The organizations are making sure to have set activities at certain times to help caregivers provide a sense of structure for their loved ones.

Andrea Kotas, 48, of East Meadow, whose mother, Josepha, 85, attends the center in Bay Shore, said she’s already noticing changes in her mother, who she said doesn’t understand what is happening and is constantly asking about going out.

“That routine is important to her, it’s stability in their world,” she said. “Things are crazy in their world already. When there’s a structure like that it’s something they can hold on to.”

For caregivers, the loss of services has also meant less free time for themselves and the ability to recharge from the stress of taking care of their loved ones. Even the inability to do something like go to the gym or hair salon can impact self-esteem and well-being, Tavella said.

“For caregivers it’s these little activities that keep them going,” she said.

Margie Licata, 73, who cares for her husband, Joe, 78, in their East Meadow home, called the time her husband would spend at the Westbury center “a blessing.”

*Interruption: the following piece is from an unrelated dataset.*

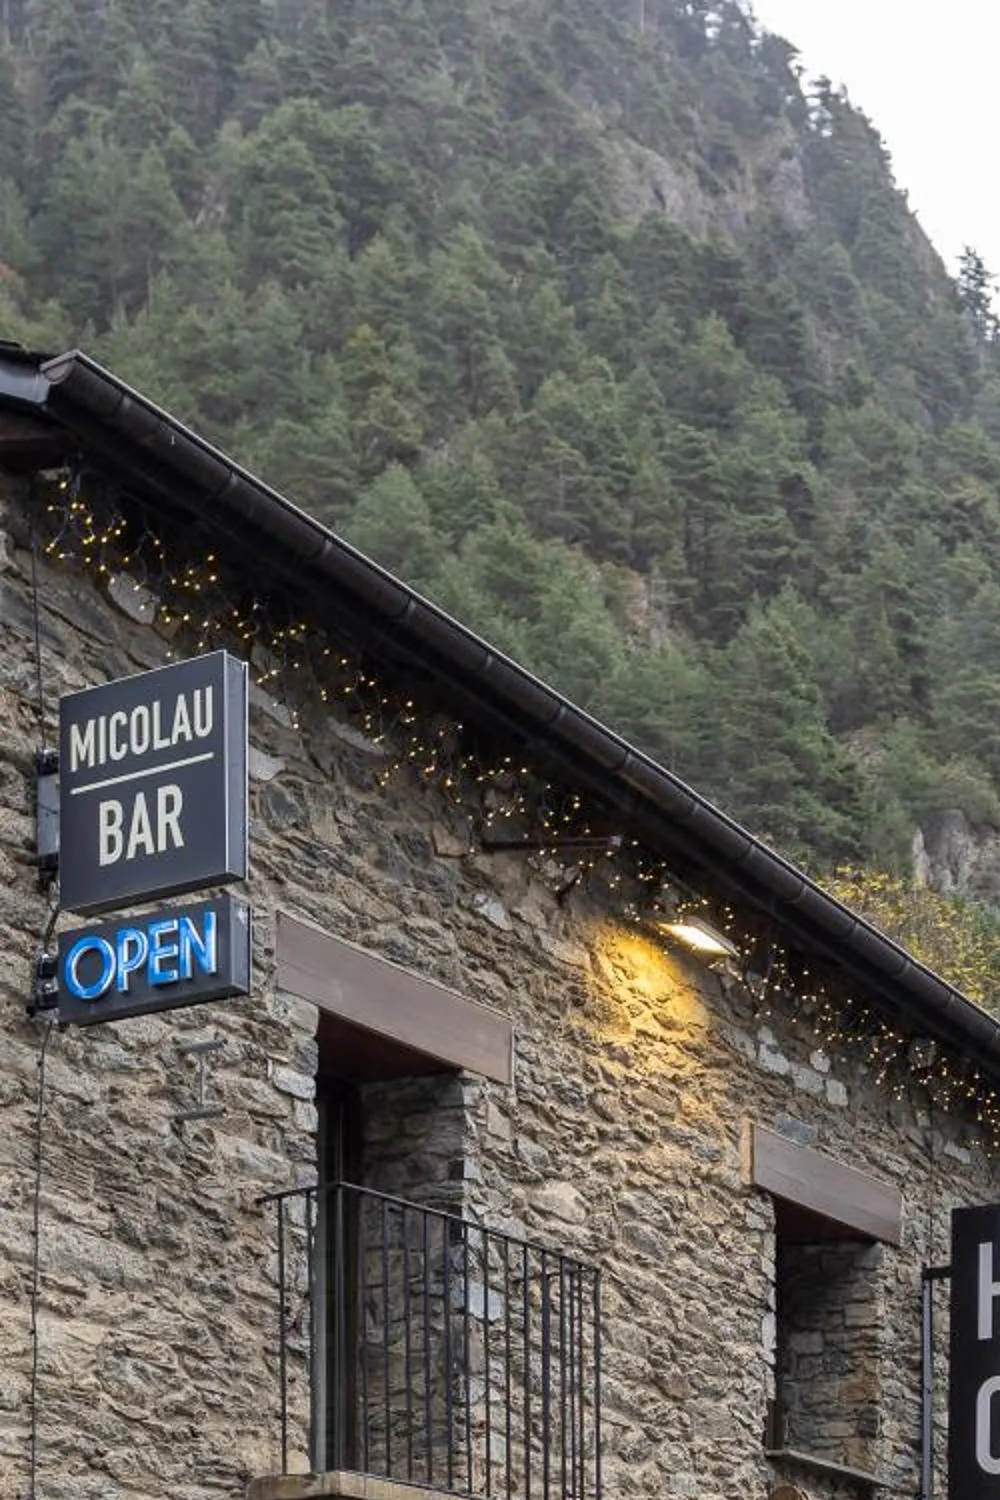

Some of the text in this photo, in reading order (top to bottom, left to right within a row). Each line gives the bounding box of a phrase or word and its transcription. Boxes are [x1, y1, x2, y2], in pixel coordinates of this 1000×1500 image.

“I could get things done, and knowing the fact that he was being taken care of really freed me for those four hours,” she said.

Licata would have lunch with her sister, run errands “or just do something for me,” she said. At home she said she must watch her husband all the time to make sure he doesn’t hurt himself.

The activities that are now online have been helpful, Licata said. Recently, a social worker from the center broadcast a singalong and her husband’s face lit up, she said.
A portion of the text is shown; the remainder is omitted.